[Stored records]
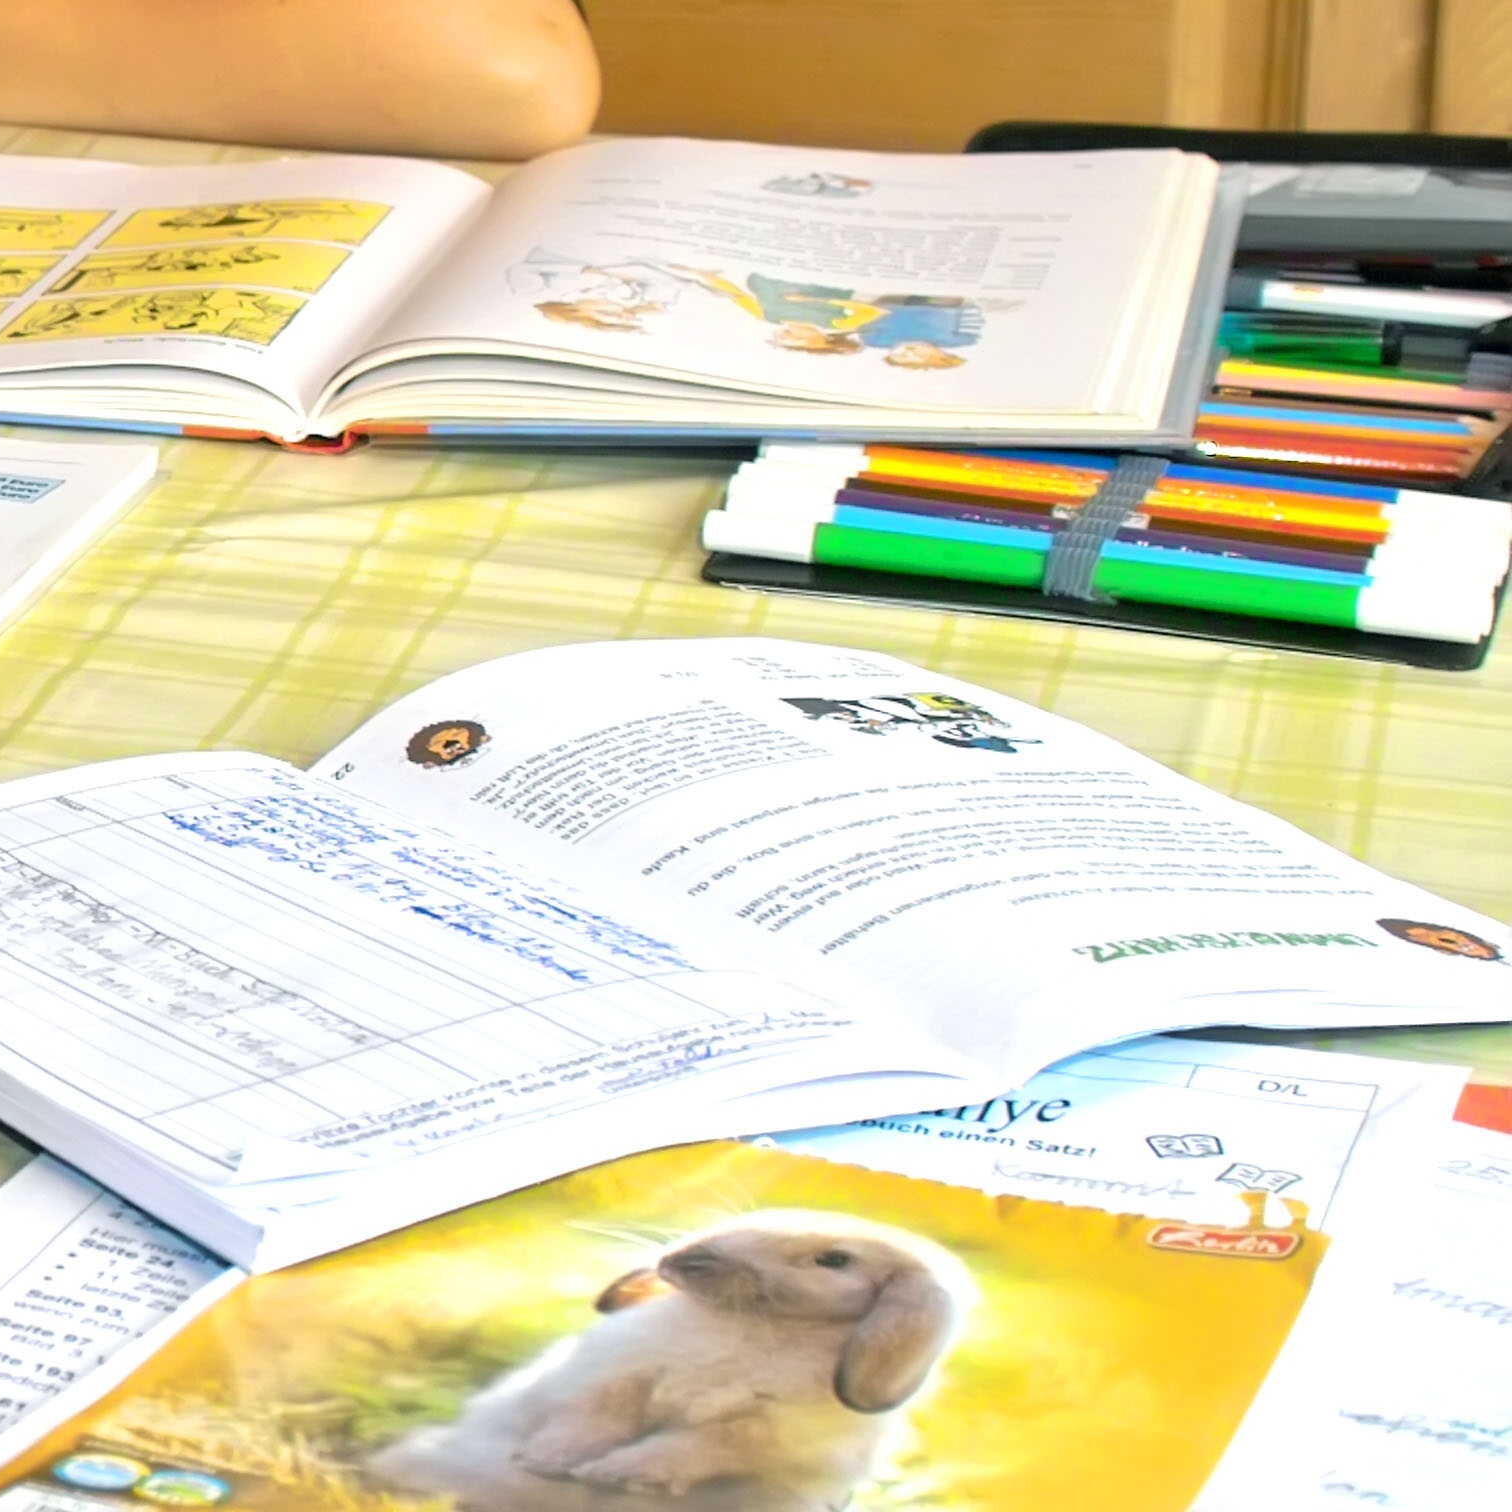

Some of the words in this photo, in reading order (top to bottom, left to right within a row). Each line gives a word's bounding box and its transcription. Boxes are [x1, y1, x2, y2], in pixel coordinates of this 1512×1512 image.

[0, 484, 41, 495] Euro
[10, 478, 50, 489] Euro
[533, 806, 566, 830] dem
[640, 845, 691, 878] Kaufe
[710, 864, 739, 881] die
[685, 879, 712, 897] du
[750, 904, 790, 926] Wer
[768, 904, 814, 933] einen
[818, 914, 891, 957] Behälter
[502, 1079, 557, 1097] Teile
[560, 1068, 591, 1082] der
[1258, 1078, 1310, 1099] D/L
[362, 1098, 437, 1126] Tochter
[442, 1078, 513, 1102] konnte
[938, 1128, 1016, 1148] einen
[1025, 1138, 1098, 1159] Satz!
[89, 1226, 136, 1246] Hier
[77, 1237, 139, 1261] Seite
[131, 1265, 189, 1288] Zeile
[24, 1288, 87, 1309] Seite
[78, 1282, 142, 1304] letzte
[132, 1281, 191, 1303] Zeile
[12, 1300, 75, 1320] wenn
[79, 1315, 130, 1337] zum
[9, 1332, 57, 1352] Bild
[62, 1332, 95, 1348] 97
[33, 1362, 76, 1383] 193
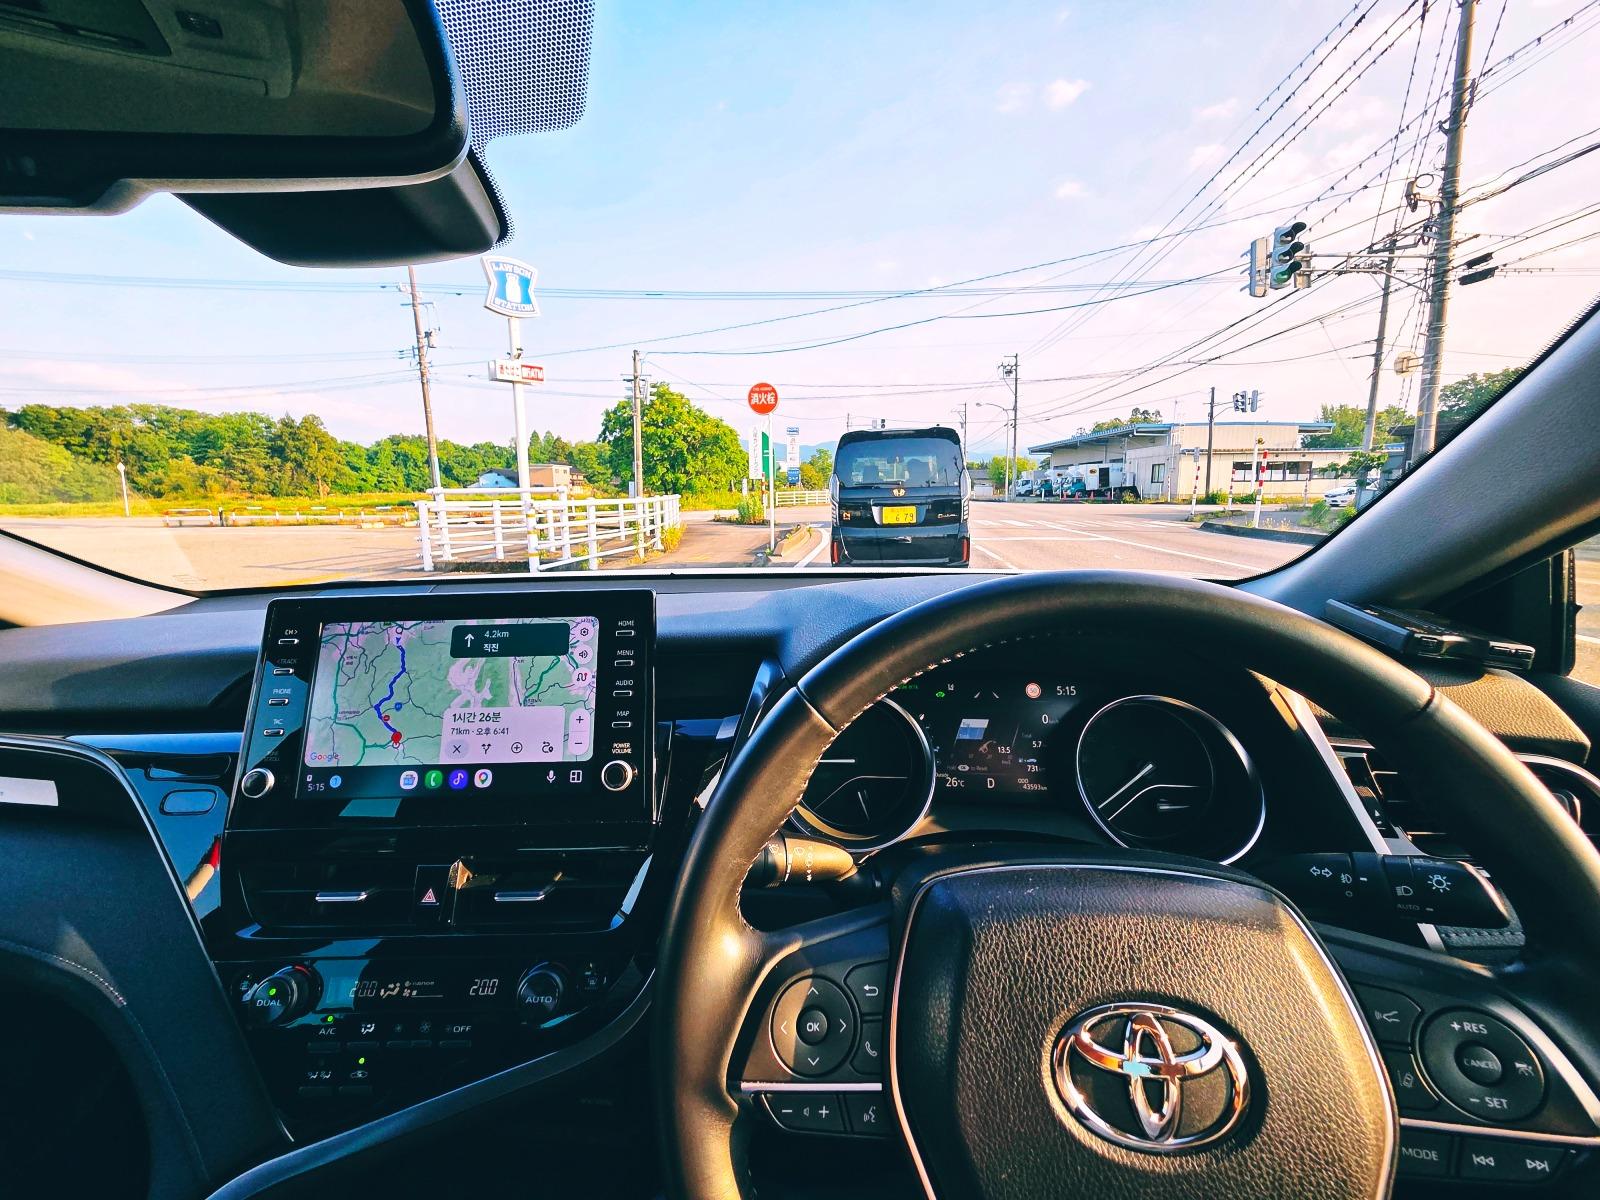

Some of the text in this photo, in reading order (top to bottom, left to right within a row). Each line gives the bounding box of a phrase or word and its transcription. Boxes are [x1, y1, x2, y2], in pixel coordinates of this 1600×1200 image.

[492, 262, 532, 279] LAWSON
[494, 297, 535, 312] STATION
[751, 391, 776, 405] 消火栓
[484, 630, 509, 639] 4.2km
[484, 642, 499, 653] 직진
[1056, 685, 1077, 696] 5:15
[452, 712, 502, 723] 1시간 26분
[450, 727, 509, 736] 71km 오후 6:41
[1032, 740, 1042, 748] 5.7
[997, 746, 1011, 754] 13.5
[310, 752, 340, 762] Google
[987, 778, 995, 788] D
[1397, 903, 1420, 911] AUTO
[256, 999, 282, 1007] DUAL
[525, 995, 552, 1004] AUTO
[318, 1027, 337, 1036] A/C
[453, 1025, 472, 1033] OFF
[806, 1022, 820, 1032] OK
[1463, 1057, 1499, 1070] CANCEL
[1401, 1147, 1439, 1162] MODE

• What is needed
Nothing but the lines from the one with "Some of the text" to the last line of the data should appear in the answer, each exactly as it stands.

• Answer space
Some of the text in this photo, in reading order (top to bottom, left to right within a row). Each line gives the bounding box of a phrase or word and its transcription. Boxes are [x1, y1, x2, y2], in pixel coordinates of this 1600×1200 image.

[492, 262, 532, 279] LAWSON
[494, 297, 535, 312] STATION
[751, 391, 776, 405] 消火栓
[484, 630, 509, 639] 4.2km
[484, 642, 499, 653] 직진
[1056, 685, 1077, 696] 5:15
[452, 712, 502, 723] 1시간 26분
[450, 727, 509, 736] 71km 오후 6:41
[1032, 740, 1042, 748] 5.7
[997, 746, 1011, 754] 13.5
[310, 752, 340, 762] Google
[987, 778, 995, 788] D
[1397, 903, 1420, 911] AUTO
[256, 999, 282, 1007] DUAL
[525, 995, 552, 1004] AUTO
[318, 1027, 337, 1036] A/C
[453, 1025, 472, 1033] OFF
[806, 1022, 820, 1032] OK
[1463, 1057, 1499, 1070] CANCEL
[1401, 1147, 1439, 1162] MODE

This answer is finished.